Content starts
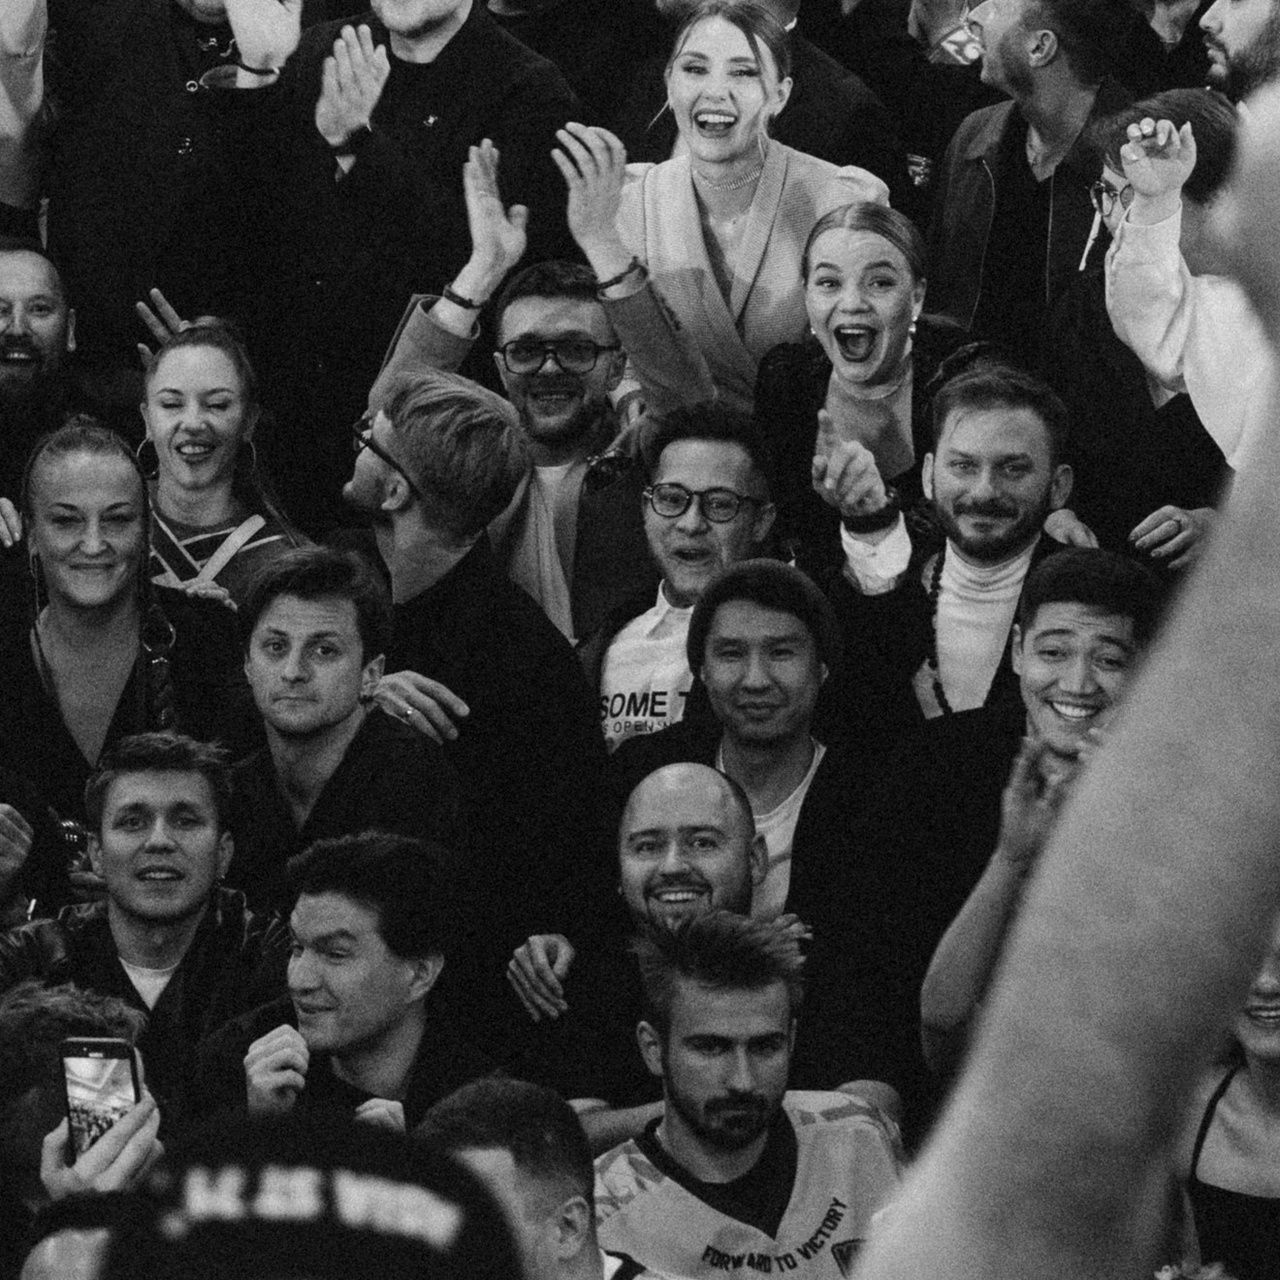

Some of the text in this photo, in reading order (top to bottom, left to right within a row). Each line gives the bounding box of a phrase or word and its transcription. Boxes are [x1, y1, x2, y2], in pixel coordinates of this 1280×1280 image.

[601, 690, 668, 721] SOME
[702, 1244, 772, 1274] FORWARD
[774, 1253, 798, 1273] TO
[796, 1197, 847, 1261] VICTORY
Content ends
● Problem requirements:
The answer is the entries above, given again exactly, with no pictures among them.

● Result:
Some of the text in this photo, in reading order (top to bottom, left to right within a row). Each line gives the bounding box of a phrase or word and its transcription. Boxes are [x1, y1, x2, y2], in pixel coordinates of this 1280×1280 image.

[601, 690, 668, 721] SOME
[702, 1244, 772, 1274] FORWARD
[774, 1253, 798, 1273] TO
[796, 1197, 847, 1261] VICTORY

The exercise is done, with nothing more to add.